Lately, I have been thinking about the way I act in regards to certain situations, and how I would prefer to do it differently. I might react without thinking when I feel like someone is being hurtful to me or my own. I chalk this trait to my father. I tend to get really upset over petty things that in my mind seem insanely huge, and I do chalk this trait to my mother and her side of the family. These are a couple of the traits I have inherited from both of their sides.
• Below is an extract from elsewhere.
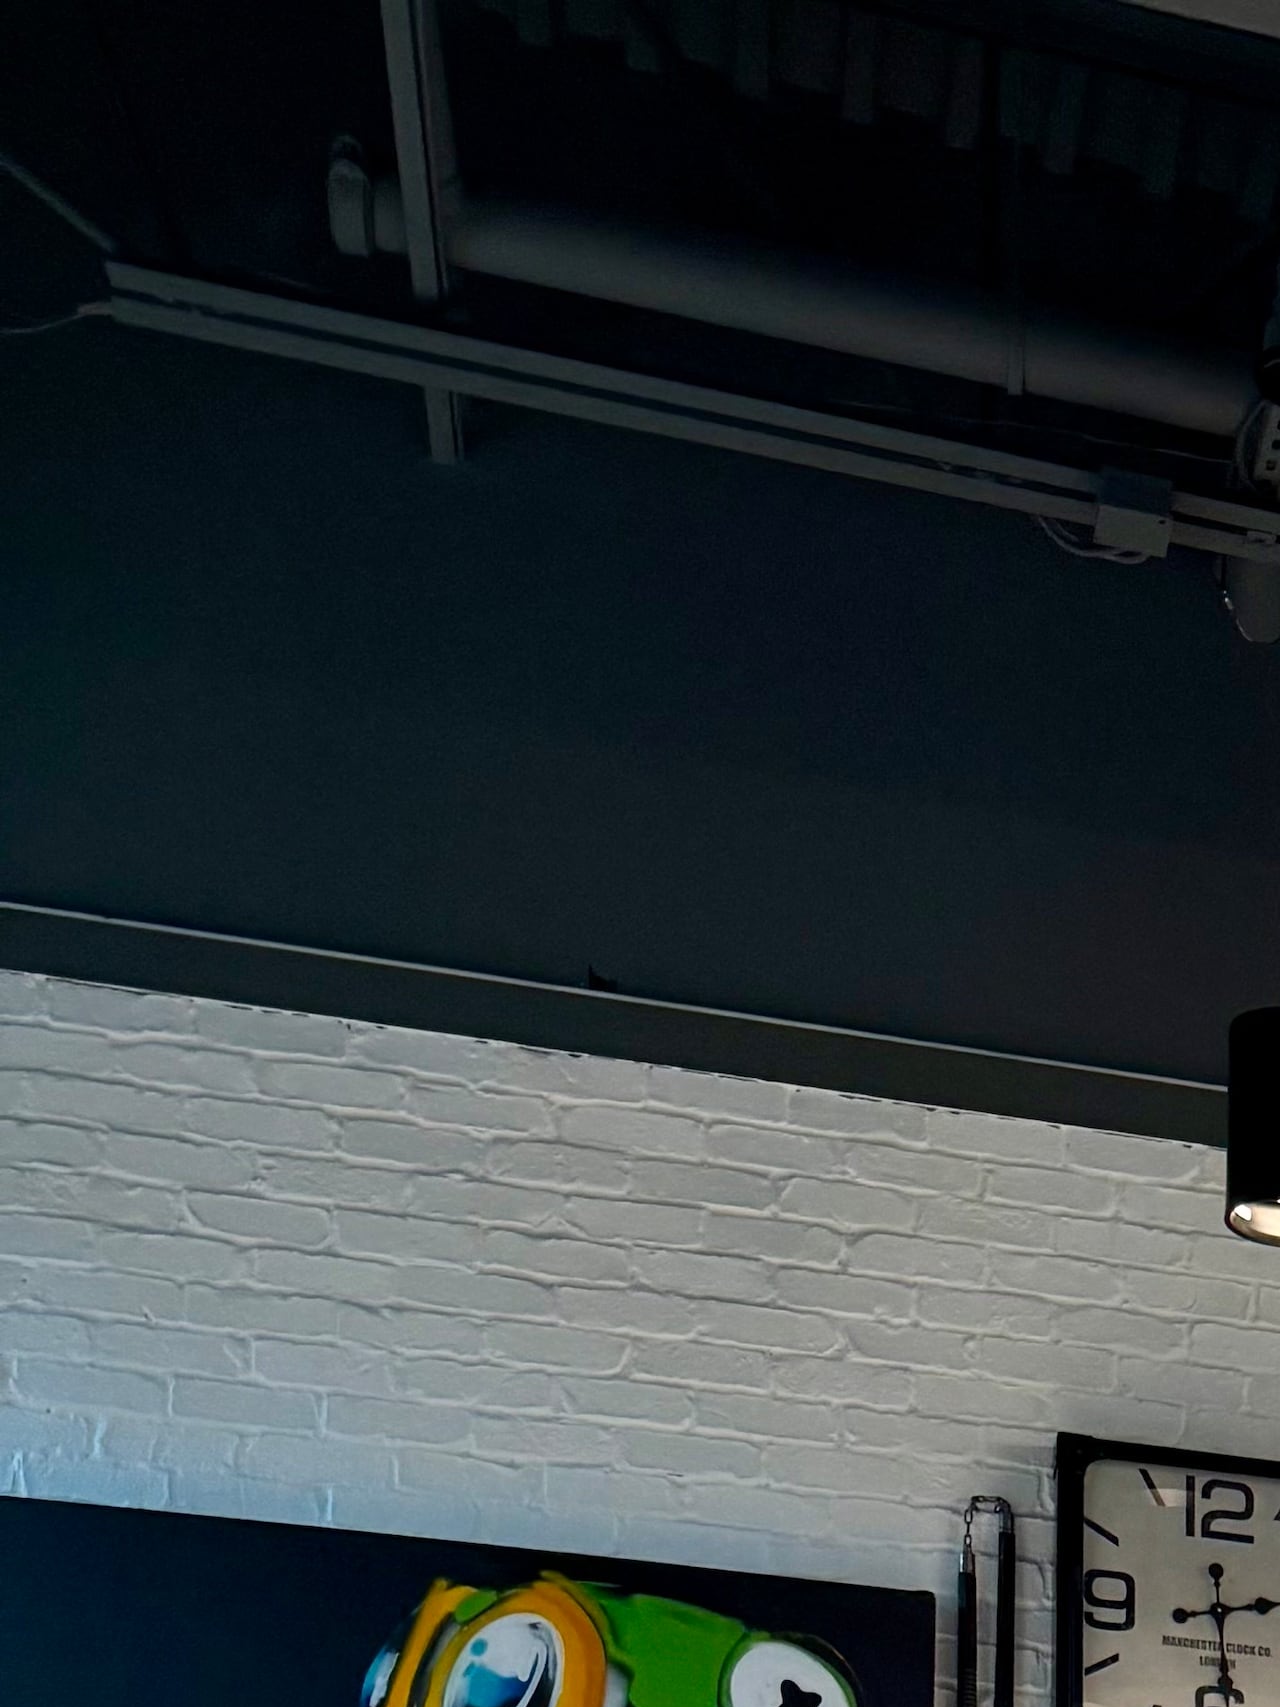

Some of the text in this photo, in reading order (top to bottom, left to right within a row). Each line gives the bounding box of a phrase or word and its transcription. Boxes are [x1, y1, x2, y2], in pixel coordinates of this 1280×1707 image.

[1185, 1475, 1254, 1544] 12
[1084, 1569, 1135, 1631] 9
[1199, 1655, 1236, 1670] LONDN
[1226, 1642, 1256, 1656] CLOCK
I have been so concerned for years trying to change these, and butting-heads with my parents trying to change them and their attitudes without really looking at the bigger picture. Which is that we are all really doing the best we can with what we are given, and by this I mean that my parents raised me to be the absolute best woman they could ever imagine. But it is impossible to deny that in their late 20’s and early 30’s they did not have their own struggles to deal with, just like I do now. I cannot even imagine raising a child right now, I tip my hat to them, for doing it…They raised me to be a good person with the knowledge they had, the means they had, and whatever had been passed onto them.
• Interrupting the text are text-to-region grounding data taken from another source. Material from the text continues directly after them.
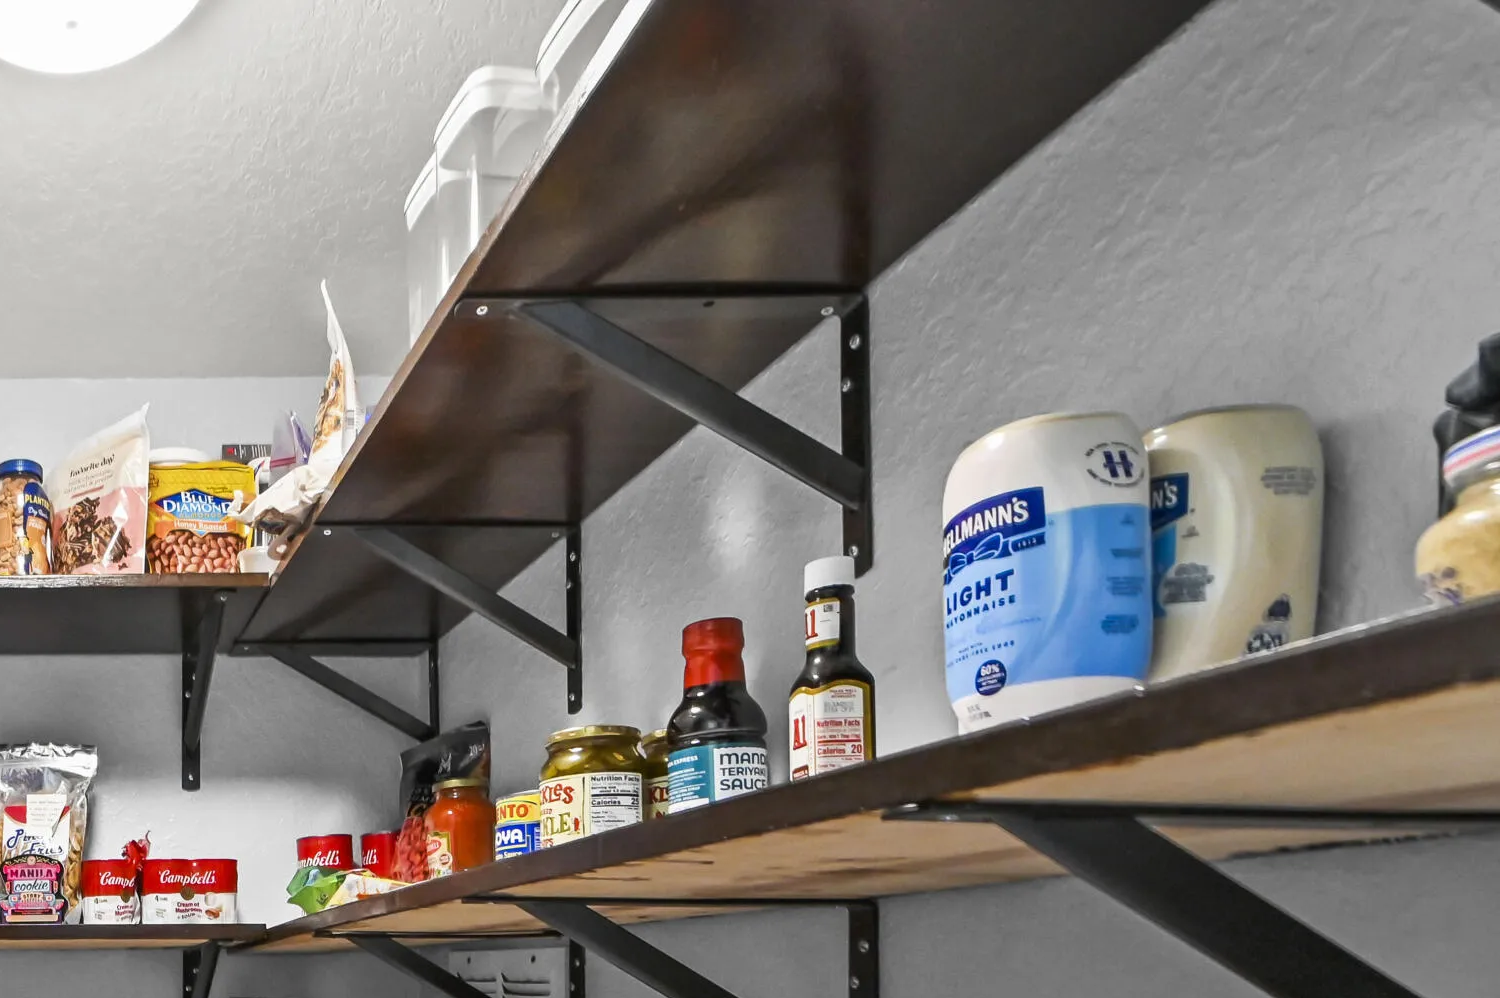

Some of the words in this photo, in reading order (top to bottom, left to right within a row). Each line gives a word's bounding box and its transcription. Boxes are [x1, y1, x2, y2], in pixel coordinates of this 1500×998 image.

[181, 491, 214, 504] BLUE
[163, 500, 232, 514] DIAMOND
[174, 520, 197, 530] Honey
[199, 522, 228, 531] Roasted
[946, 568, 1014, 616] LIGHT
[851, 744, 862, 754] 20
[631, 798, 640, 806] 25
[10, 869, 53, 879] MANILA
[159, 869, 216, 885] Campbell's
[14, 881, 49, 892] cookie
But just as I ponder right now on whatever I would like to better about my personality or what I need to improve; I am sure they did the same thing at my age whilst trying to raise a child. They had been passed on a set of values, experiences, stereotypes, traumas, and rules; and they had to choose whether they wanted to follow that or not. My husband and I, will eventually while have to do that too; and both of our families hold differents sets of them.
;We tend too often to judge and blame our parents for doing this or that wrong, or passing “this” value that we do not agree with anymore, or having “that” rule when we grew up. But they were doing the best they could with what they were given, and it does go back to how they were raised. Our grandparents’ generation differs so much more from our parents’ and ours. They had their own set of rules, and stereotypes, and experiences that is so unique, so who were our parents to blame them? And who are we?
All we can do, though, is understand that most of the times we are all trying to raise our families out of love, and doing the best we can with what we have been given and with what we’ve learned along the way. I have learned to let go of whatever blame I was putting on my grandparents, parents, or great-grandparents for the things I didn’t necessary “liked”. Because I have the power to learn and to grow, and to raise our family the best we can with what we have now and with love, which is the most important thing.